## Your assignment:
Exact copies of all the entries are required, and no pictures should appear in them.

——

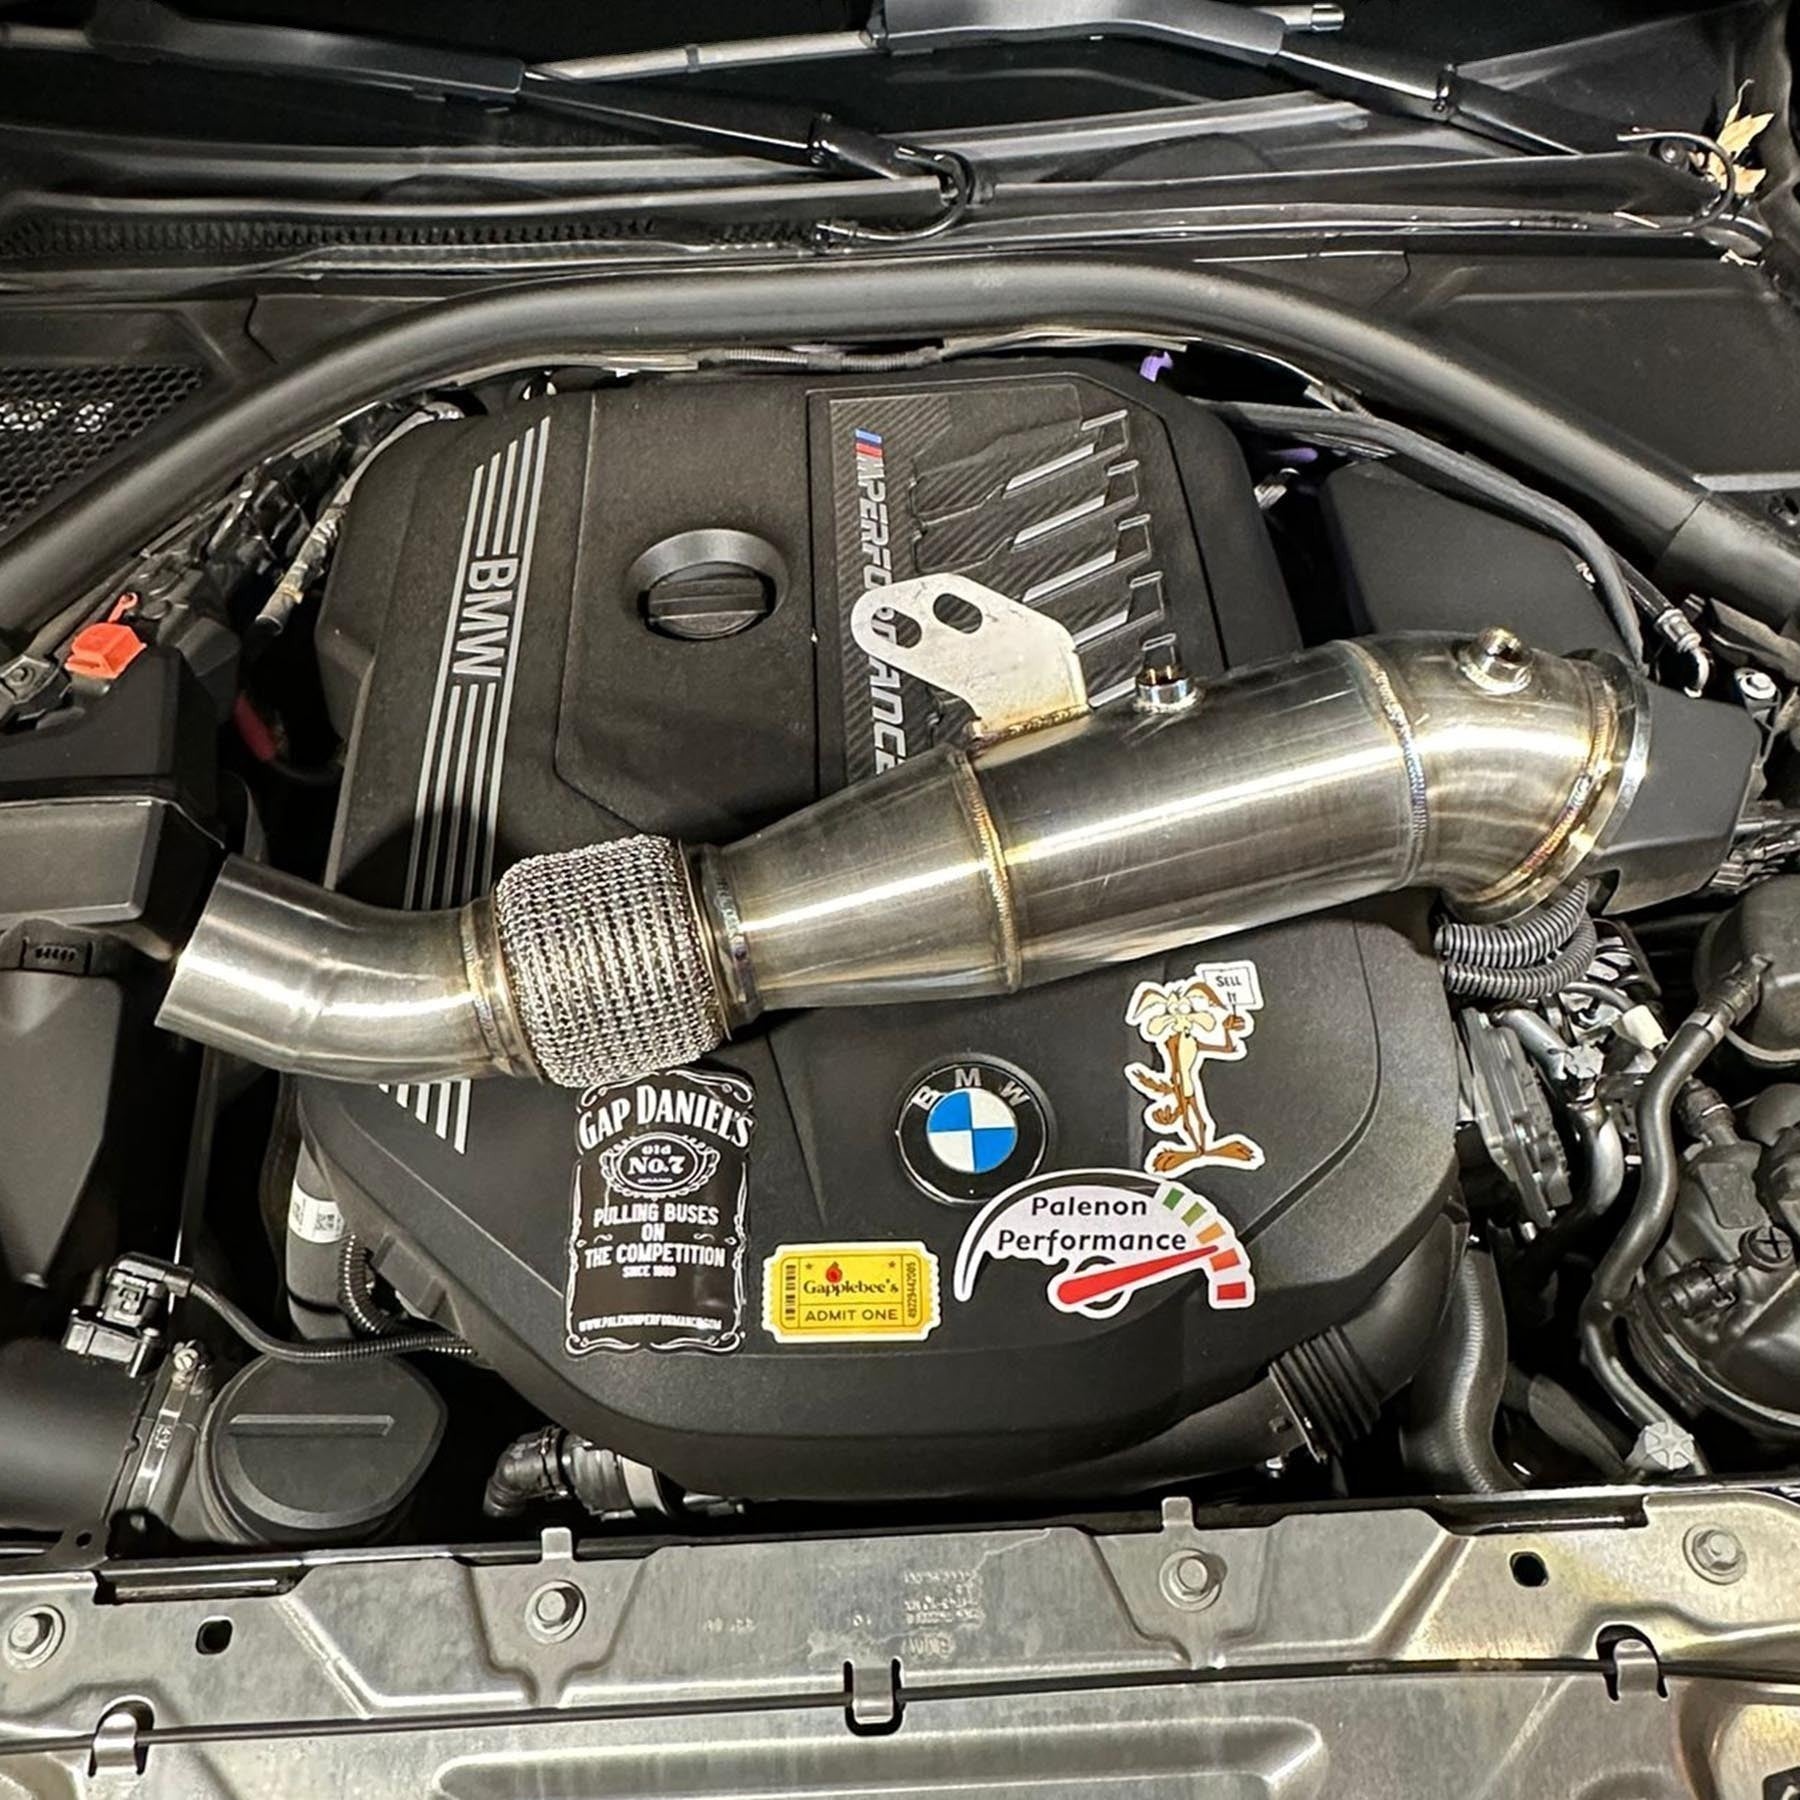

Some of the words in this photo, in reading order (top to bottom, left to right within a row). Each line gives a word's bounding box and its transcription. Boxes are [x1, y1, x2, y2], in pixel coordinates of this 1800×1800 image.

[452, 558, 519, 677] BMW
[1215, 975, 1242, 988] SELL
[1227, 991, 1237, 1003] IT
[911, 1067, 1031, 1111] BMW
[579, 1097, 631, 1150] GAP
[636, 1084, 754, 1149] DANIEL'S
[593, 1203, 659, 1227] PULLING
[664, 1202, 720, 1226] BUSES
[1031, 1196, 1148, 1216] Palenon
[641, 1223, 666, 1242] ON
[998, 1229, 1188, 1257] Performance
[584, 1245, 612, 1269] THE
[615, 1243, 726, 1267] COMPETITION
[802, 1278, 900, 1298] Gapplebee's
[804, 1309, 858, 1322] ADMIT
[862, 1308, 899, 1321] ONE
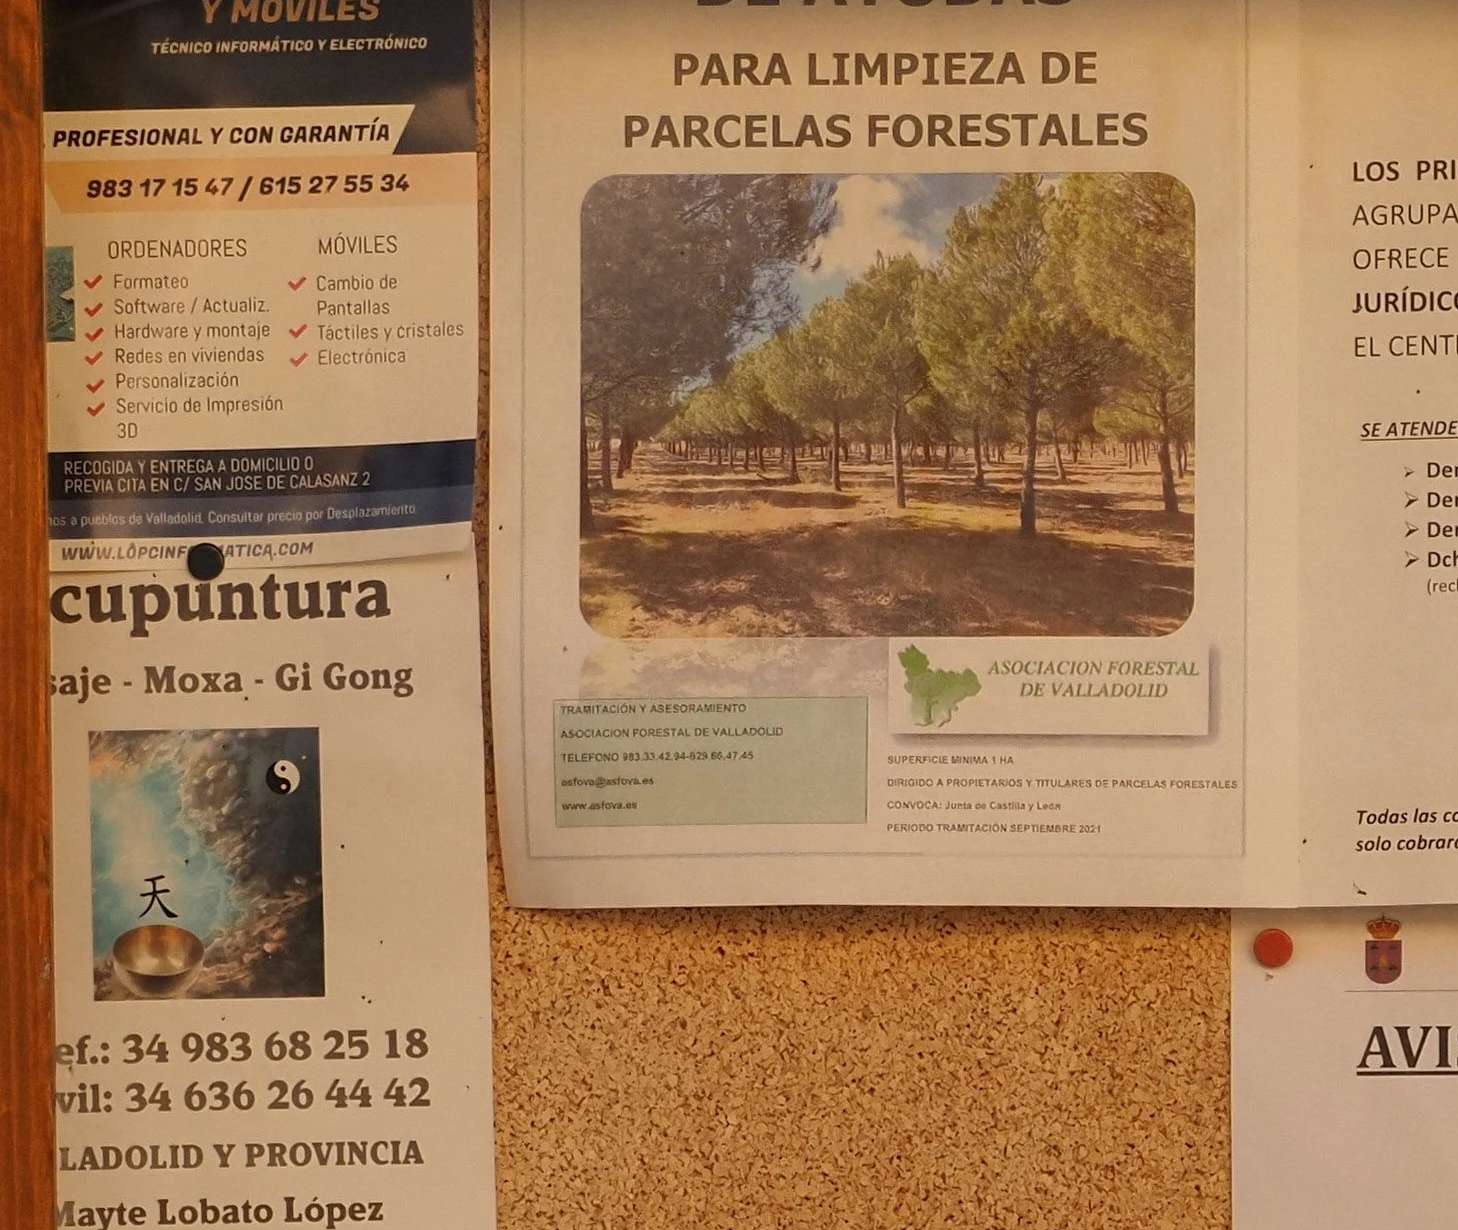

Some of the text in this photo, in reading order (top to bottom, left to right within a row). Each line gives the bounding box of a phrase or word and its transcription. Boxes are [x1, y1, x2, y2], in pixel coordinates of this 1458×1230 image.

——

## Problem solution:
Some of the words in this photo, in reading order (top to bottom, left to right within a row). Each line gives a word's bounding box and its transcription. Boxes are [x1, y1, x2, y2], in pixel coordinates of this 1800×1800 image.

[452, 558, 519, 677] BMW
[1215, 975, 1242, 988] SELL
[1227, 991, 1237, 1003] IT
[911, 1067, 1031, 1111] BMW
[579, 1097, 631, 1150] GAP
[636, 1084, 754, 1149] DANIEL'S
[593, 1203, 659, 1227] PULLING
[664, 1202, 720, 1226] BUSES
[1031, 1196, 1148, 1216] Palenon
[641, 1223, 666, 1242] ON
[998, 1229, 1188, 1257] Performance
[584, 1245, 612, 1269] THE
[615, 1243, 726, 1267] COMPETITION
[802, 1278, 900, 1298] Gapplebee's
[804, 1309, 858, 1322] ADMIT
[862, 1308, 899, 1321] ONE

Some of the text in this photo, in reading order (top to bottom, left to right within a row). Each line gives the bounding box of a phrase or word and its transcription. Boxes are [x1, y1, x2, y2], in pixel coordinates of this 1458×1230 image.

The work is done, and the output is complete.